== Available data
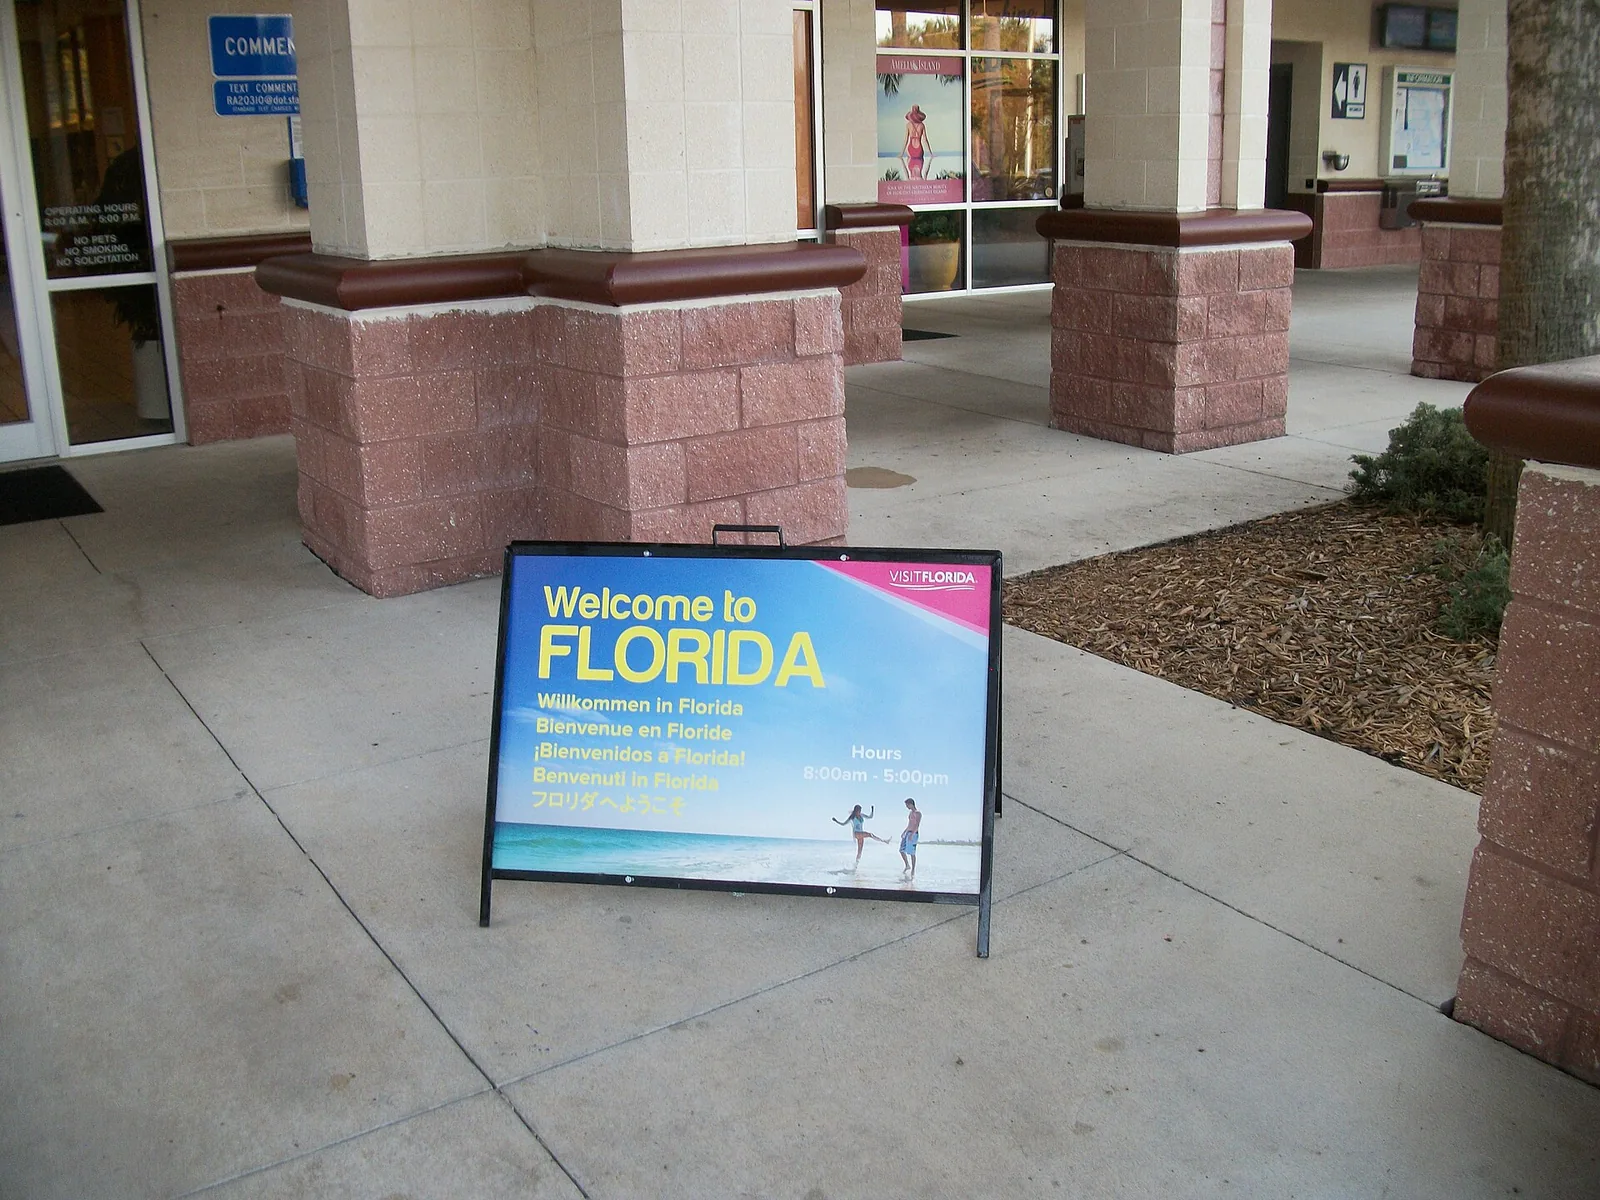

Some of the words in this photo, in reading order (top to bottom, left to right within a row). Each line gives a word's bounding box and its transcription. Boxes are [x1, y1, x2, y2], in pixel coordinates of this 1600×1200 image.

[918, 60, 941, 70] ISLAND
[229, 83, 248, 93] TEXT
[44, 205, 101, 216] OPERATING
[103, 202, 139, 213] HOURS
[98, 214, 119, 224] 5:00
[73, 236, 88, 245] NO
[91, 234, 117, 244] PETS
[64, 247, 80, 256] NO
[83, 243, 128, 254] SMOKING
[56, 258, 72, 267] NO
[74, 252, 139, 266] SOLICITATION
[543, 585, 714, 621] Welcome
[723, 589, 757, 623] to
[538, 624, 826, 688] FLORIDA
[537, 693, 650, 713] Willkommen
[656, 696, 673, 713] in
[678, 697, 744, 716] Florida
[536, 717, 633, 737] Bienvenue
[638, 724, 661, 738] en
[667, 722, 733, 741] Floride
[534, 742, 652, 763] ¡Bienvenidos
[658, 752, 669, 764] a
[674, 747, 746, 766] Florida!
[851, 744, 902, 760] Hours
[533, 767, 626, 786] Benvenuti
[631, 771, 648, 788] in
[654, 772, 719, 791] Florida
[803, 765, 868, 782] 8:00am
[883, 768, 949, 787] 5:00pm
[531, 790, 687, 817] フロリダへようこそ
====
▸ **Work item**: Please set down the lines above word for word and leave out the pictures.

▸ **Answer space**:
Some of the words in this photo, in reading order (top to bottom, left to right within a row). Each line gives a word's bounding box and its transcription. Boxes are [x1, y1, x2, y2], in pixel coordinates of this 1600×1200 image.

[918, 60, 941, 70] ISLAND
[229, 83, 248, 93] TEXT
[44, 205, 101, 216] OPERATING
[103, 202, 139, 213] HOURS
[98, 214, 119, 224] 5:00
[73, 236, 88, 245] NO
[91, 234, 117, 244] PETS
[64, 247, 80, 256] NO
[83, 243, 128, 254] SMOKING
[56, 258, 72, 267] NO
[74, 252, 139, 266] SOLICITATION
[543, 585, 714, 621] Welcome
[723, 589, 757, 623] to
[538, 624, 826, 688] FLORIDA
[537, 693, 650, 713] Willkommen
[656, 696, 673, 713] in
[678, 697, 744, 716] Florida
[536, 717, 633, 737] Bienvenue
[638, 724, 661, 738] en
[667, 722, 733, 741] Floride
[534, 742, 652, 763] ¡Bienvenidos
[658, 752, 669, 764] a
[674, 747, 746, 766] Florida!
[851, 744, 902, 760] Hours
[533, 767, 626, 786] Benvenuti
[631, 771, 648, 788] in
[654, 772, 719, 791] Florida
[803, 765, 868, 782] 8:00am
[883, 768, 949, 787] 5:00pm
[531, 790, 687, 817] フロリダへようこそ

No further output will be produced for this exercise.